■ WHAT IS NEEDED ■
What must be handed in is the entire listing, exactly as written, with no pictures.

■ TASK DATA ■
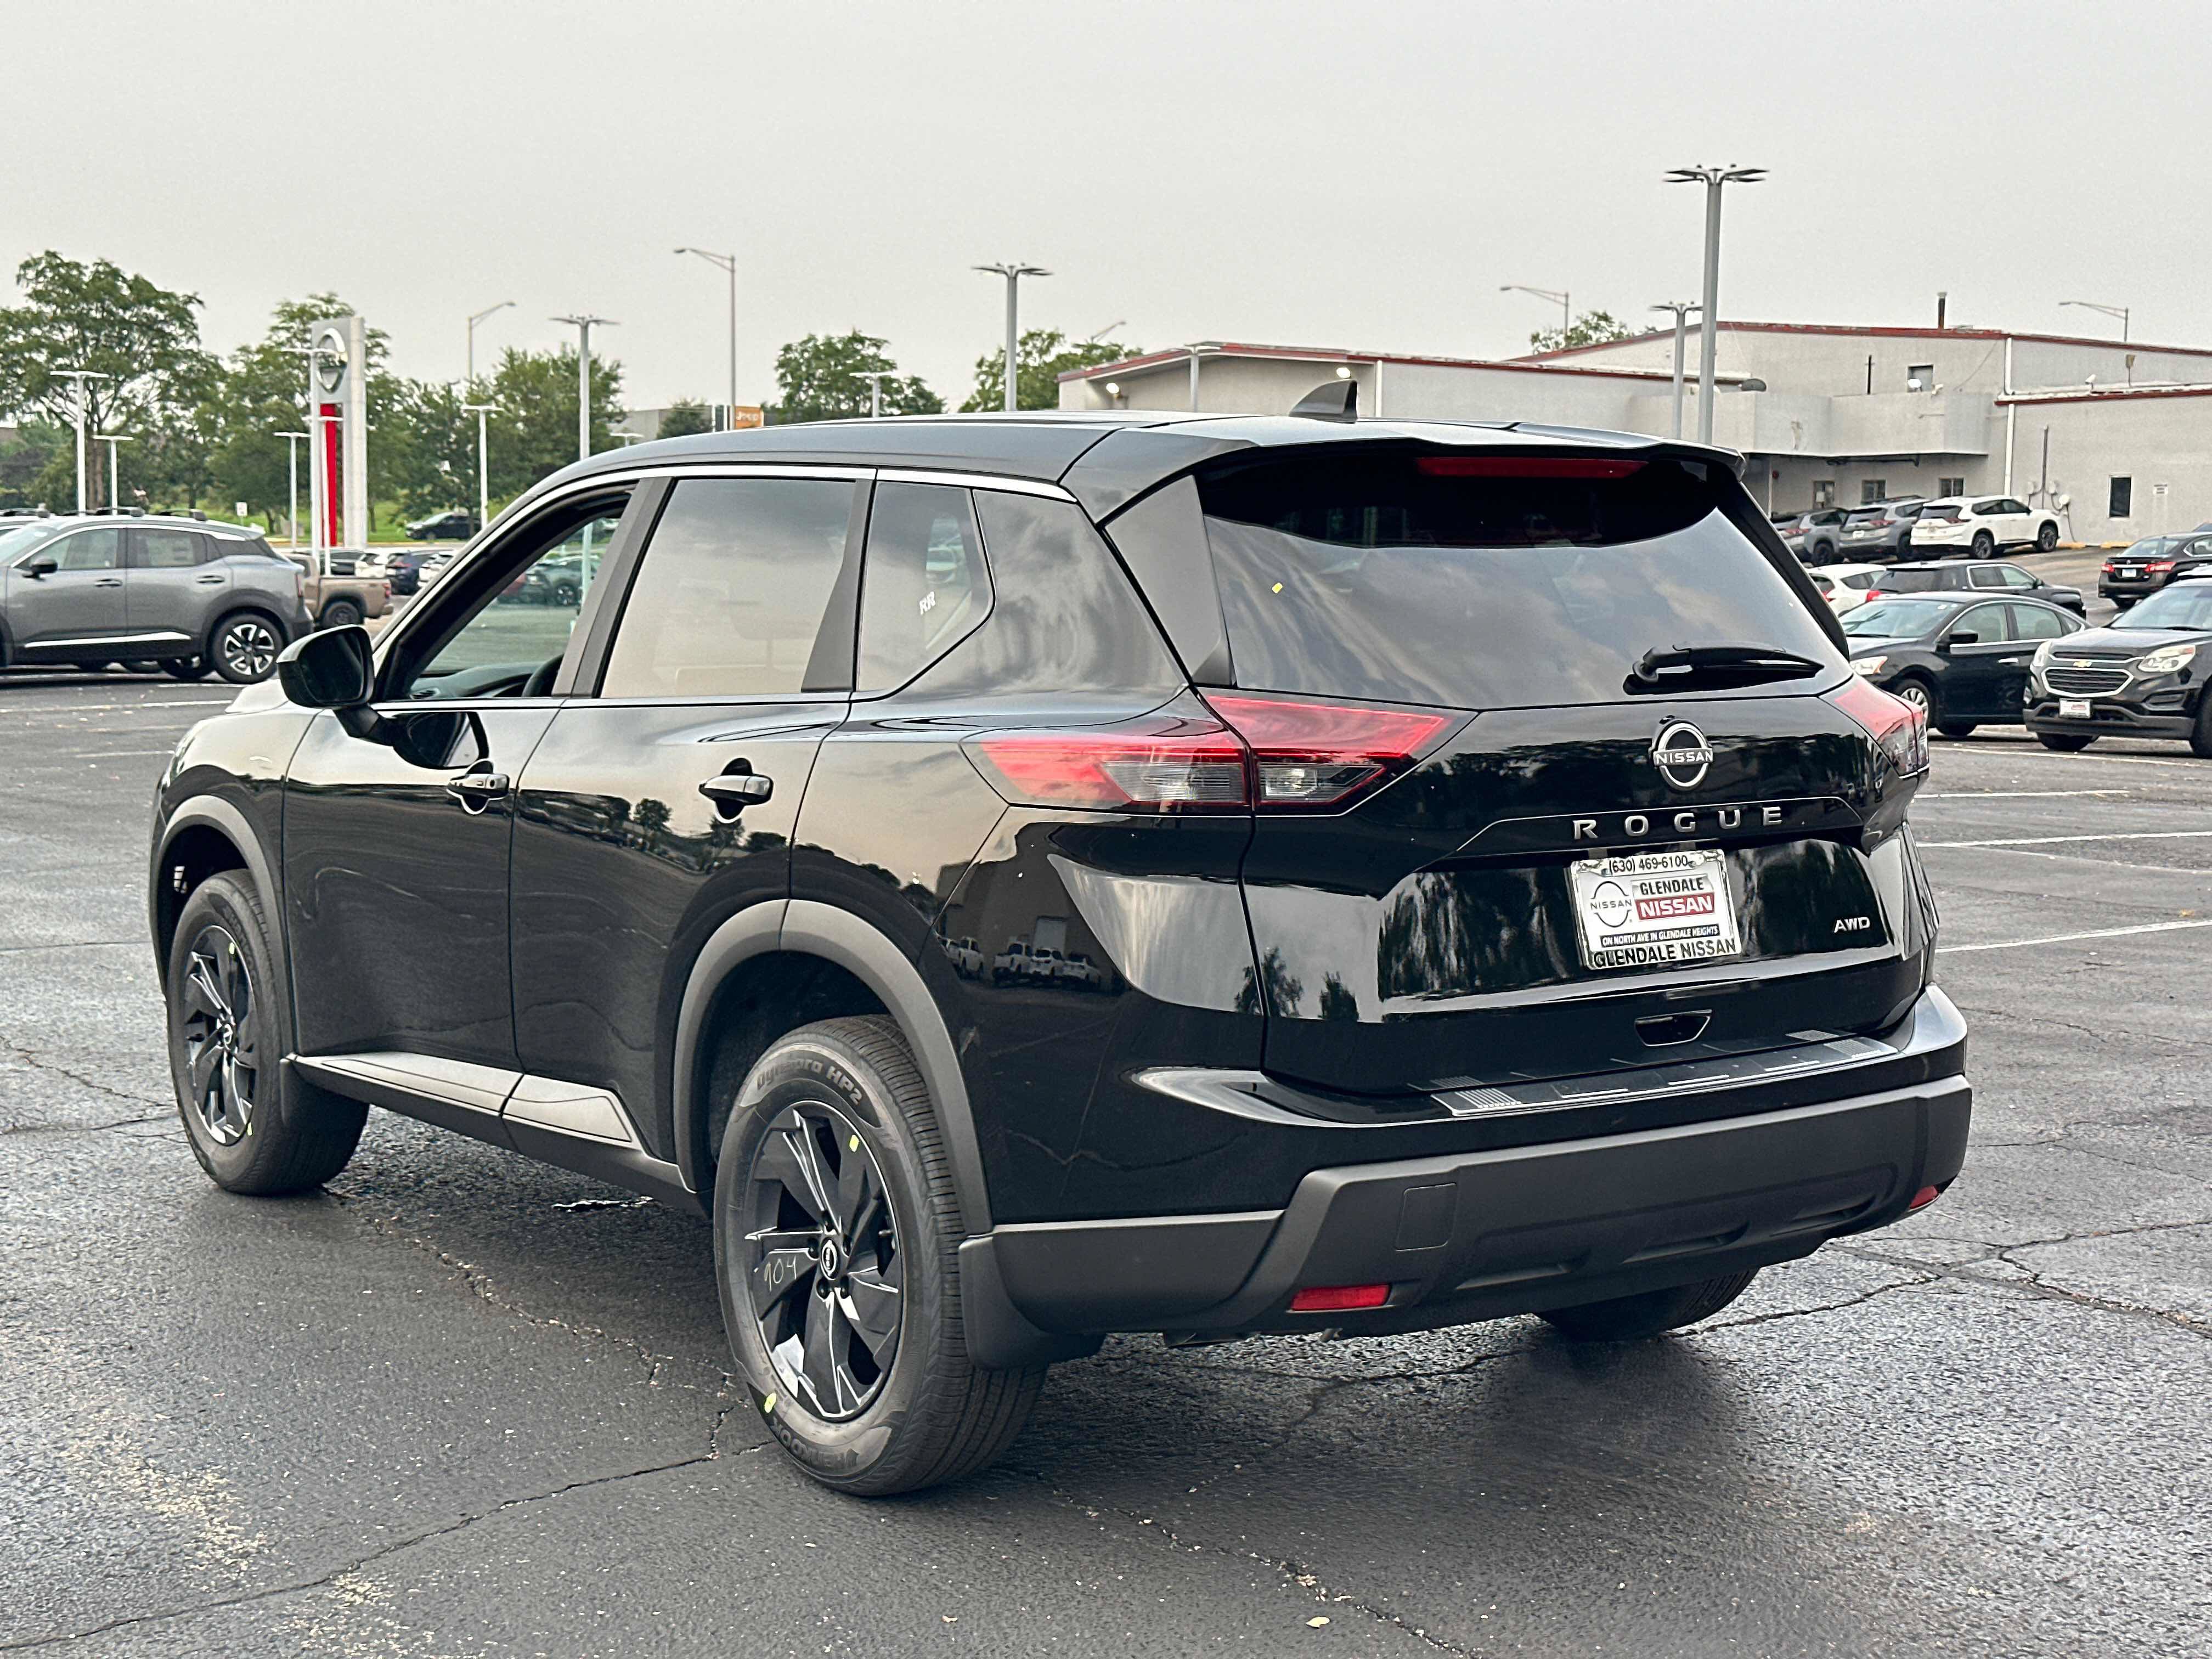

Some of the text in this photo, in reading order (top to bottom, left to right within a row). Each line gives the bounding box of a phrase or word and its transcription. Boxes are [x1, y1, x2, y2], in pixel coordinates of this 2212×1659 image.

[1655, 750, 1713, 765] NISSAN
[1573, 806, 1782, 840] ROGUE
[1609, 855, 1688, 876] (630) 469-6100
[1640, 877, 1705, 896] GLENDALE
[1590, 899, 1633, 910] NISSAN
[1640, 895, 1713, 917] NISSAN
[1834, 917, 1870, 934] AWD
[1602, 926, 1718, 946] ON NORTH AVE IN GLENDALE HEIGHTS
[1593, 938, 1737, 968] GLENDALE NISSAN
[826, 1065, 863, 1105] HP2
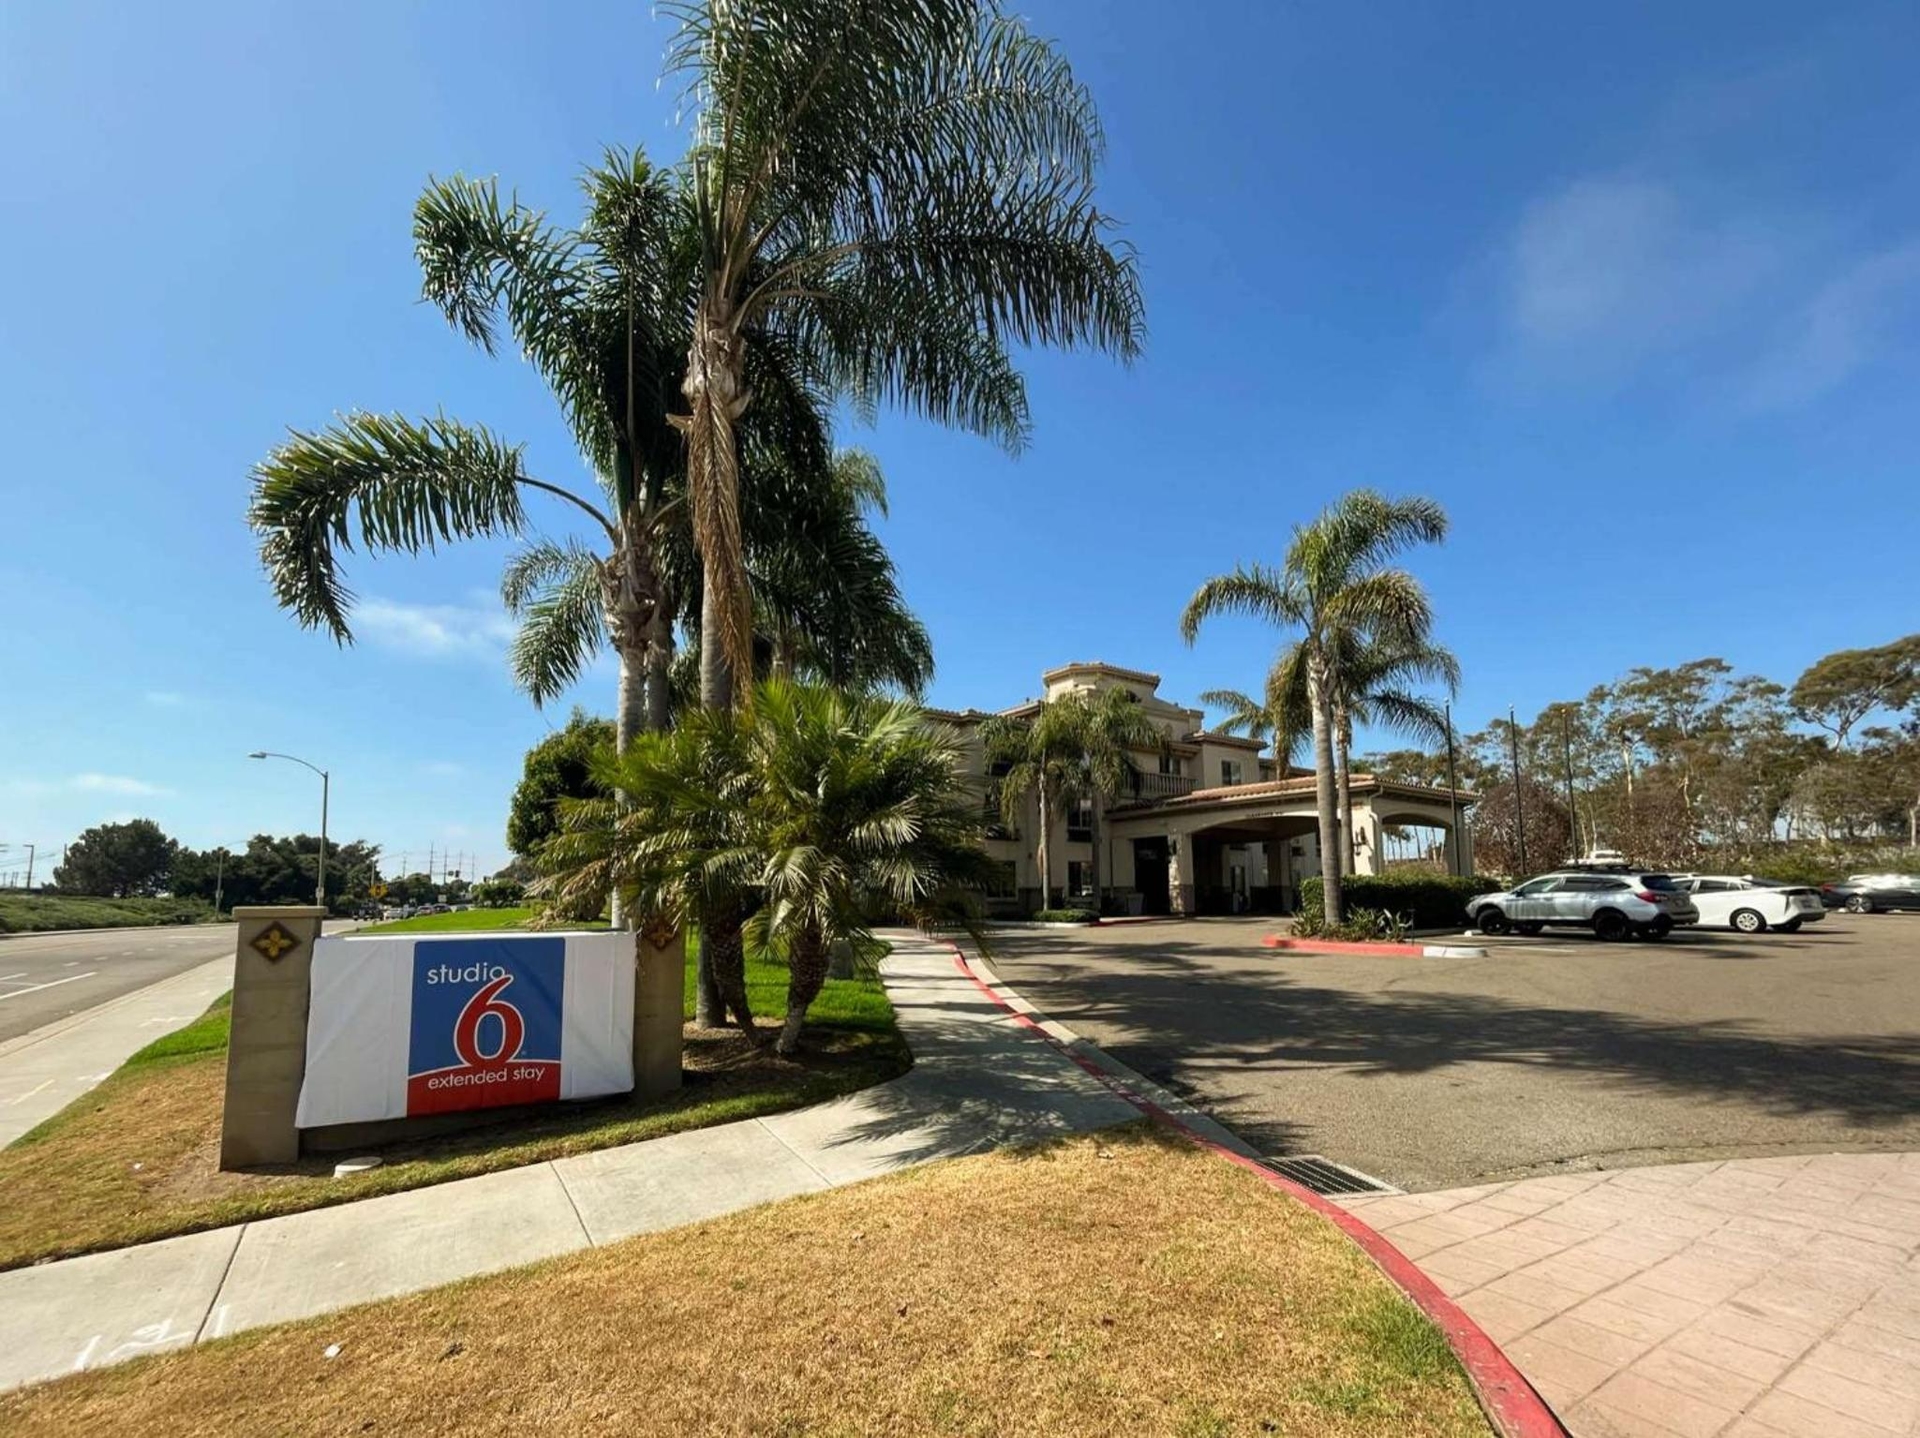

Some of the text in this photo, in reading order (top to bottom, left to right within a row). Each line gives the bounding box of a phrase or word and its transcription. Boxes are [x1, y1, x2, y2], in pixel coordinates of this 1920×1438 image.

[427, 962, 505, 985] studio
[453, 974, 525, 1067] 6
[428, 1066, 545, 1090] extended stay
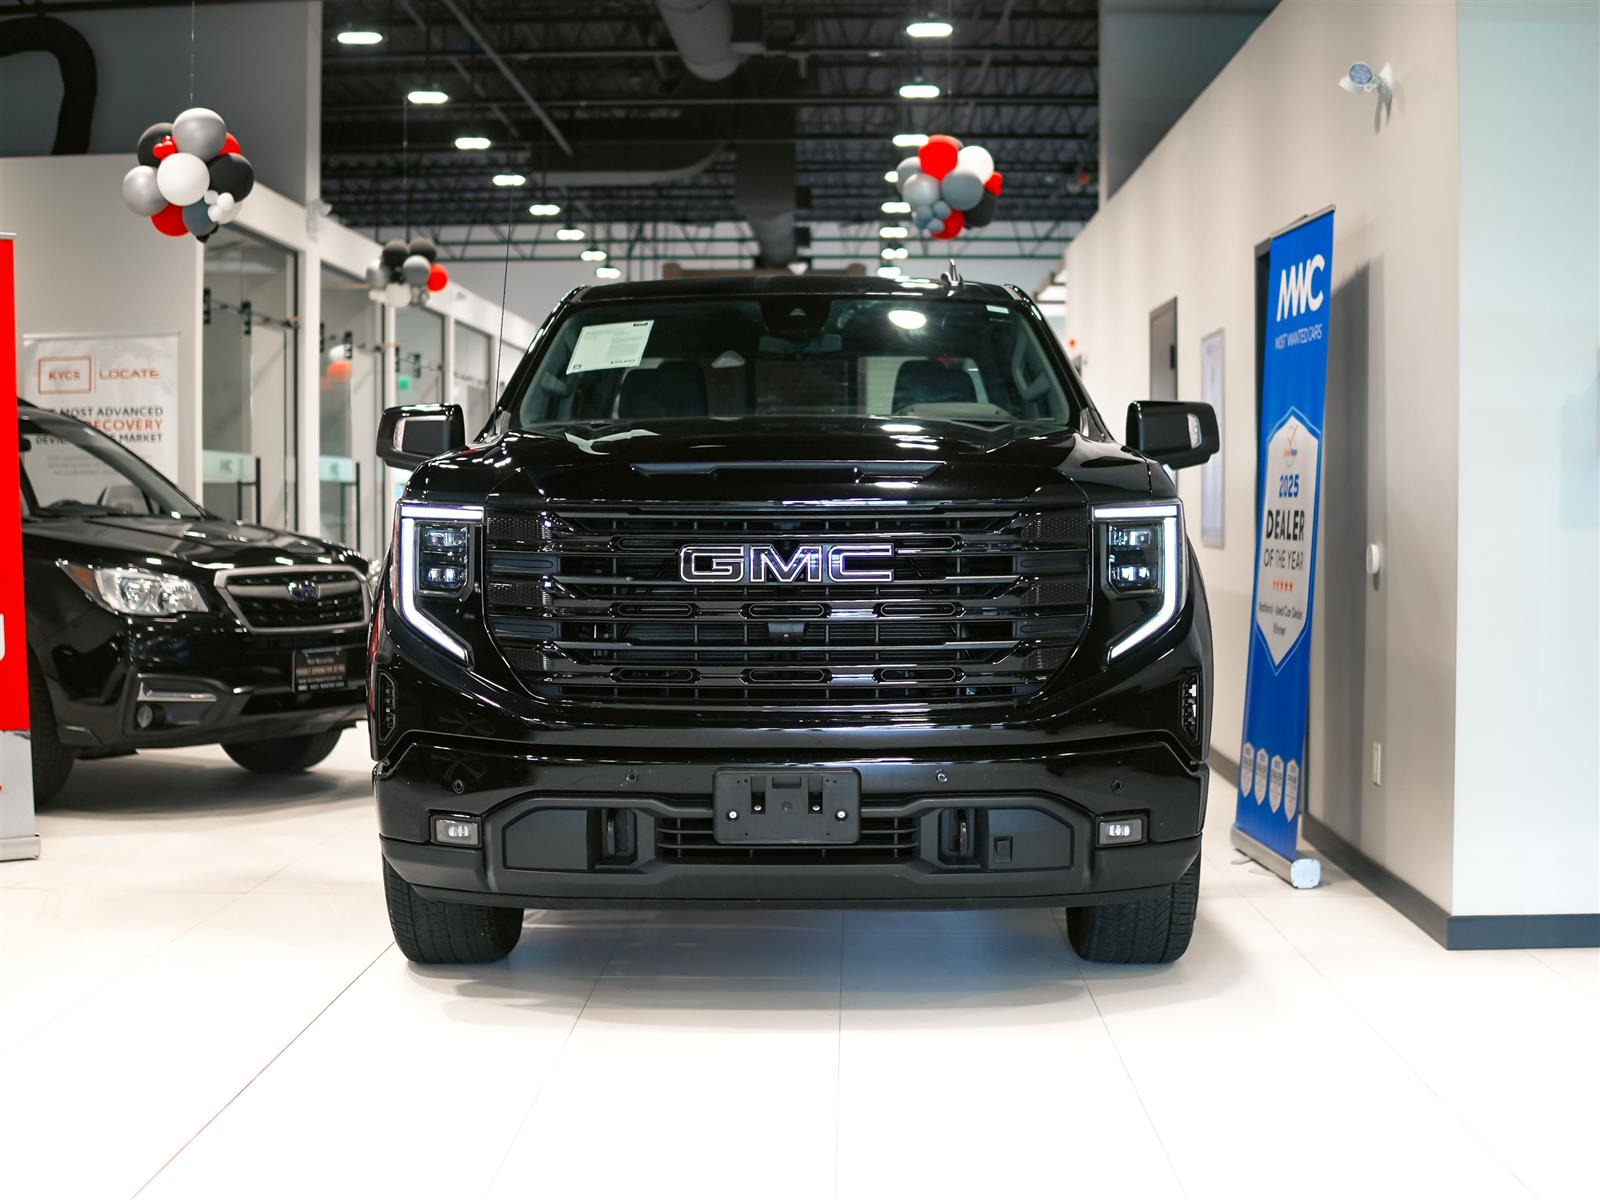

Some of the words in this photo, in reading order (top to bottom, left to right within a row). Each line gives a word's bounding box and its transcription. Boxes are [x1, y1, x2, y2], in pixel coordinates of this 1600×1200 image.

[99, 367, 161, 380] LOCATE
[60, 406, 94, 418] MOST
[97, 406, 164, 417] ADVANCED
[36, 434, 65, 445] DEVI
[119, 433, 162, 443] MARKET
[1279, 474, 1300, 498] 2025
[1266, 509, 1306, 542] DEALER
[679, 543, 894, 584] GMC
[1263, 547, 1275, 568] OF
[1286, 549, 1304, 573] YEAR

■ ANSWER ■
Some of the text in this photo, in reading order (top to bottom, left to right within a row). Each line gives the bounding box of a phrase or word and its transcription. Boxes are [x1, y1, x2, y2], in pixel coordinates of this 2212×1659 image.

[1655, 750, 1713, 765] NISSAN
[1573, 806, 1782, 840] ROGUE
[1609, 855, 1688, 876] (630) 469-6100
[1640, 877, 1705, 896] GLENDALE
[1590, 899, 1633, 910] NISSAN
[1640, 895, 1713, 917] NISSAN
[1834, 917, 1870, 934] AWD
[1602, 926, 1718, 946] ON NORTH AVE IN GLENDALE HEIGHTS
[1593, 938, 1737, 968] GLENDALE NISSAN
[826, 1065, 863, 1105] HP2

Some of the text in this photo, in reading order (top to bottom, left to right within a row). Each line gives the bounding box of a phrase or word and its transcription. Boxes are [x1, y1, x2, y2], in pixel coordinates of this 1920×1438 image.

[427, 962, 505, 985] studio
[453, 974, 525, 1067] 6
[428, 1066, 545, 1090] extended stay

Some of the words in this photo, in reading order (top to bottom, left to right within a row). Each line gives a word's bounding box and its transcription. Boxes are [x1, y1, x2, y2], in pixel coordinates of this 1600×1200 image.

[99, 367, 161, 380] LOCATE
[60, 406, 94, 418] MOST
[97, 406, 164, 417] ADVANCED
[36, 434, 65, 445] DEVI
[119, 433, 162, 443] MARKET
[1279, 474, 1300, 498] 2025
[1266, 509, 1306, 542] DEALER
[679, 543, 894, 584] GMC
[1263, 547, 1275, 568] OF
[1286, 549, 1304, 573] YEAR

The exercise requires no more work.